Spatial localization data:
►
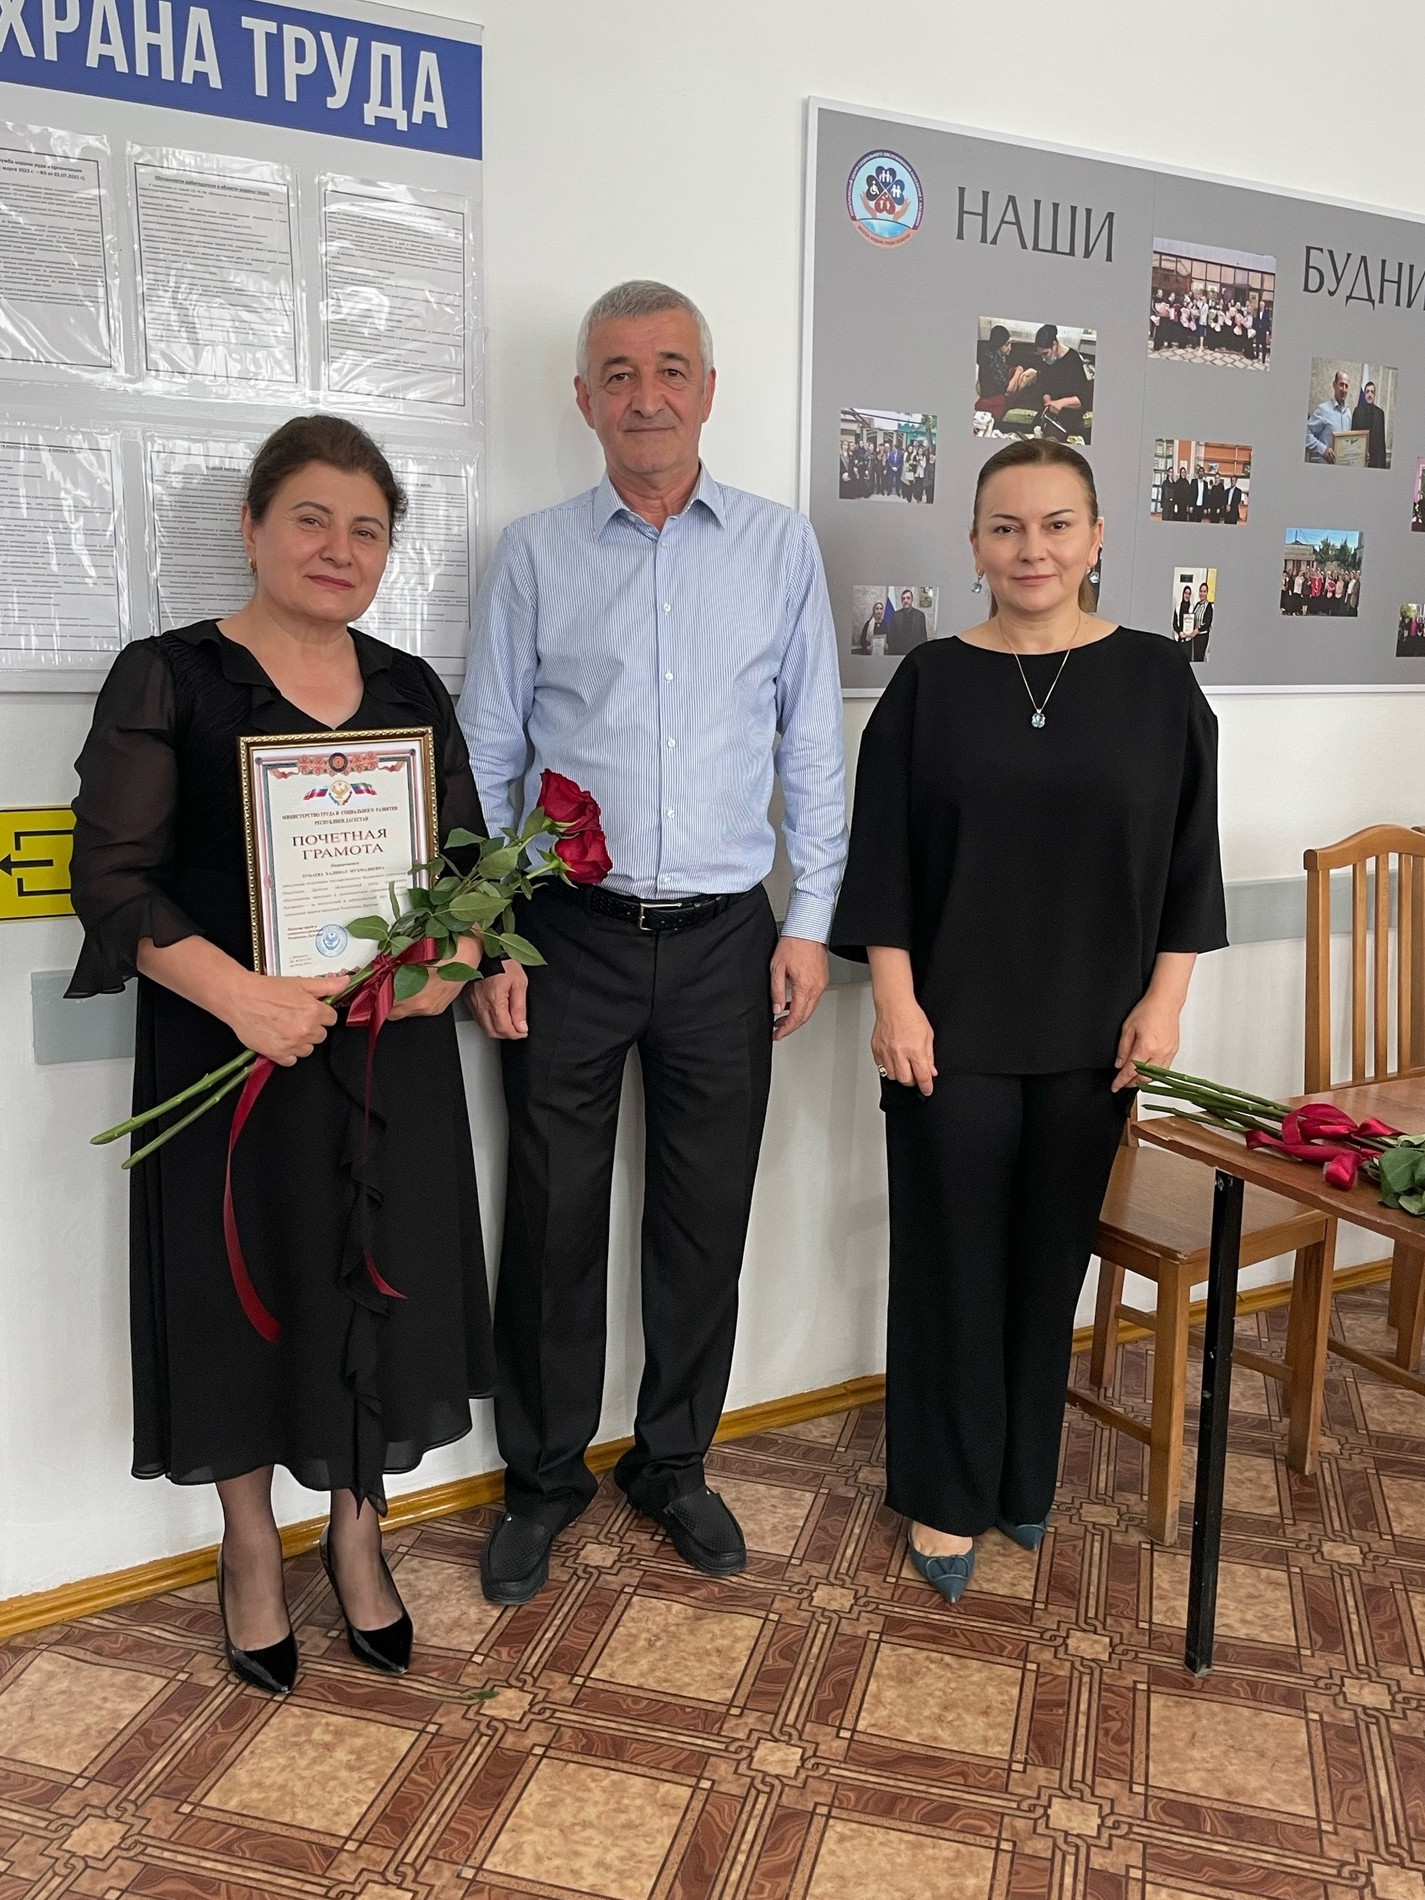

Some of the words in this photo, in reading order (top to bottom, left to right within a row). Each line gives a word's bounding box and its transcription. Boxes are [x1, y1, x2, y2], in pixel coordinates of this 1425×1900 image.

[0, 0, 223, 89] ХРАНА
[241, 16, 448, 131] ТРУДА
[956, 186, 1115, 262] НАШИ
[1302, 245, 1425, 310] БУДНИ
[292, 828, 388, 847] ПОЧЕТНАЯ
[302, 843, 384, 860] ГРАМОТА
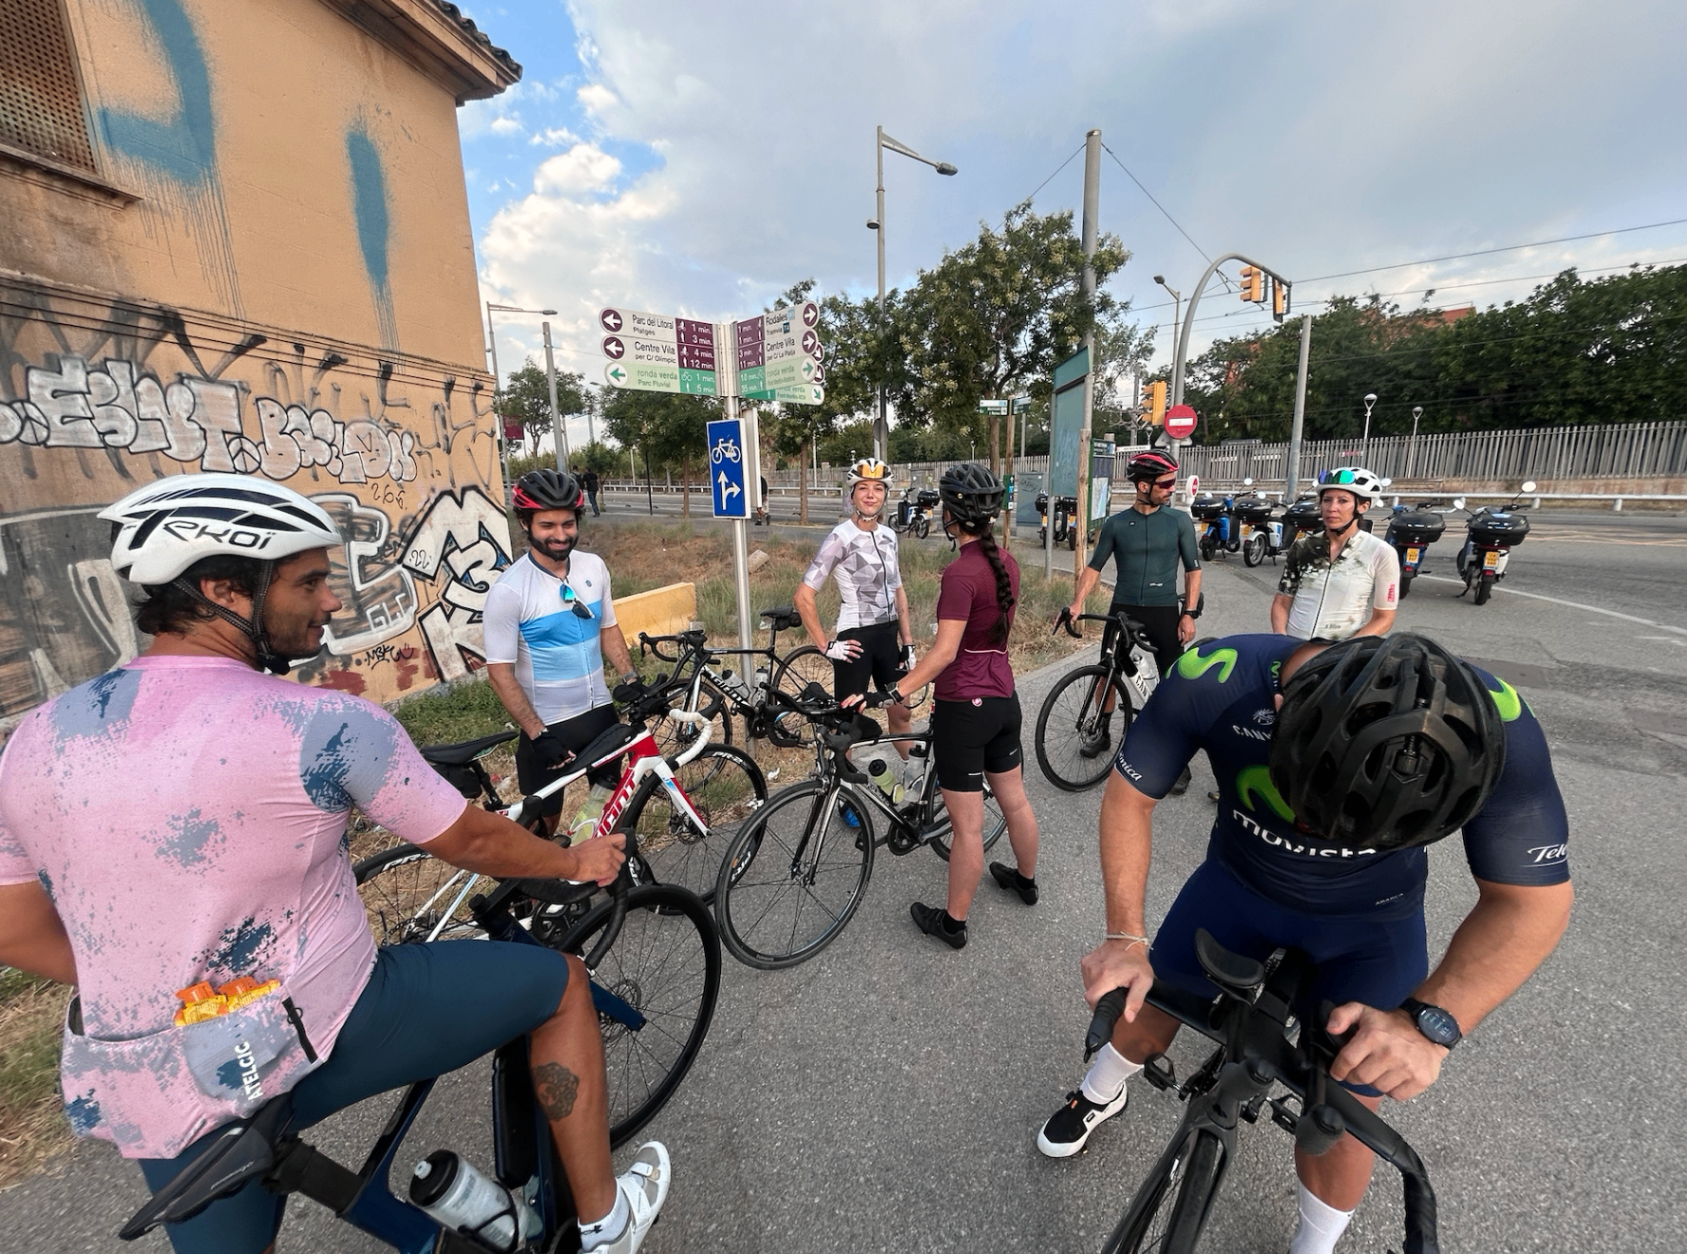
◄
--- Aim of the exercise ---
The job here is to write out the records exactly, pictures excluded.

--- Completed task ---
Some of the words in this photo, in reading order (top to bottom, left to right within a row). Each line gives a word's bounding box and its transcription. Boxes are [x1, y1, x2, y2], in pixel coordinates of this 1425×1900 image.

[0, 0, 223, 89] ХРАНА
[241, 16, 448, 131] ТРУДА
[956, 186, 1115, 262] НАШИ
[1302, 245, 1425, 310] БУДНИ
[292, 828, 388, 847] ПОЧЕТНАЯ
[302, 843, 384, 860] ГРАМОТА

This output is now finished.